Lessing then moved to set aside the default judgment on the grounds that it was void because he had not been properly served, and in the alternative on grounds of excusable neglect. Under FRCP 60(b)(4), a party may obtain relief from a void final judgment. Lessing submitted a declaration explaining that the documents had been placed in his law firm’s mailbox but that “due to an oversight,” they were mistakenly forwarded to an incorrect department within the firm and not brought to the attention of the lawyers responsible for the case. Lessing’s declaration also asserted that the service was improper under German law, because service by mail was improper as his law firm was open for business on the date of the service. Oak Point submitted a declaration by Steffen Schneider, a Frankfurt lawyer, asserting that the service was proper under German law.

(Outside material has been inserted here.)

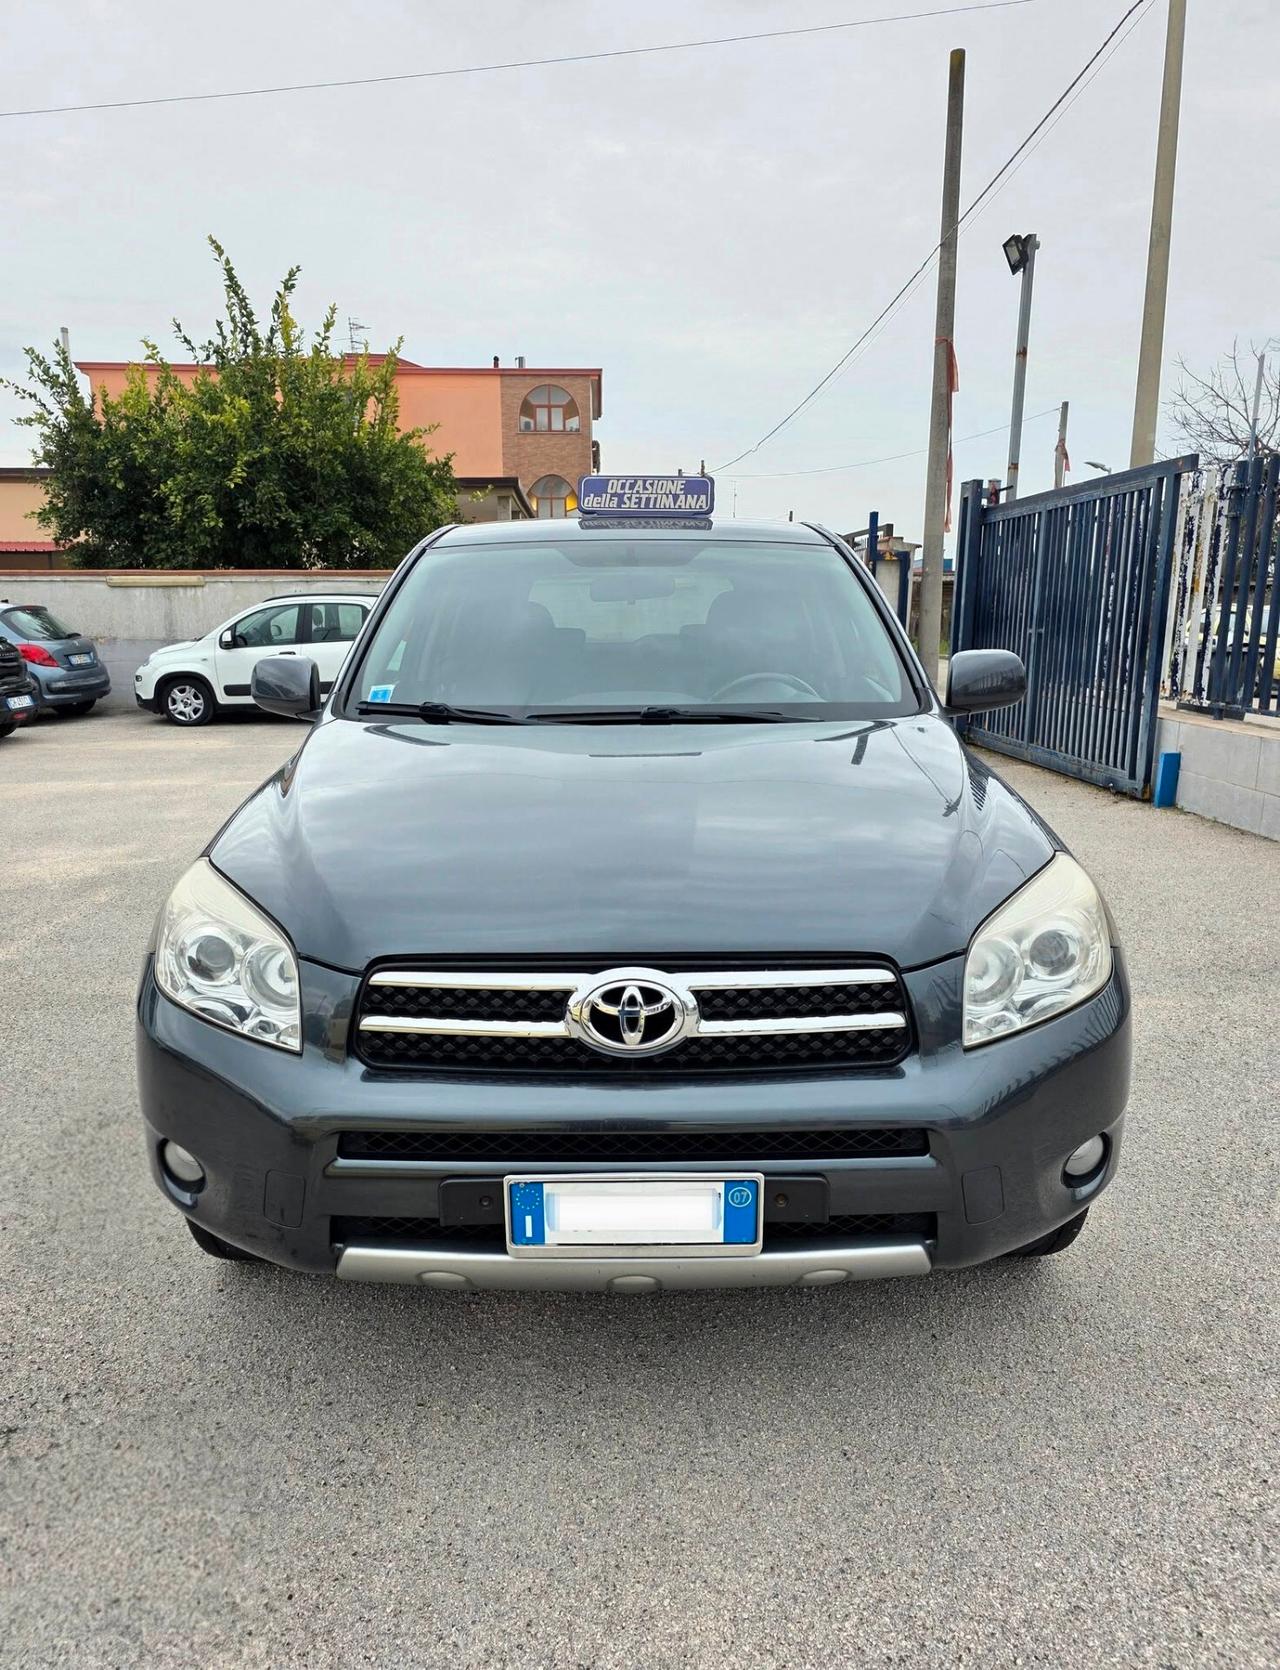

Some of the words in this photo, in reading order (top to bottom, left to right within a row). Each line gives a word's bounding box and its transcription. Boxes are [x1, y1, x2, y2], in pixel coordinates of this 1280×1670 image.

[607, 479, 686, 494] OCCASIONE
[584, 493, 618, 508] della
[621, 494, 707, 509] SETTIMANA
[733, 1190, 748, 1204] 07

The court disregarded—rightly, I think—both declarations and deferred to the German central authority’s Article 6 certificate: “Faced only with a facially valid certificate from the German Central Authority and Defendant’s own declaration that German law requires more, this Court cannot conclude that Defendant was not properly served.” The judge’s holding was in line with several cases we have seen, such as Zions First National Bank v. Moto Diesel Mexicana, Myrtle v. Graham, and Lake Road Trust Ltd. v. ABB Powertech. As a general rule, it seems right that a US court will not second-guess a foreign central authority’s assertion that the service of process complied with the applicable foreign law.
The court did, however, grant relief from the judgment for excusable neglect on grounds I will not discuss here. So while the decision should be a warning not to ignore process served via the central authority mechanism, it has limited in terrorem effect.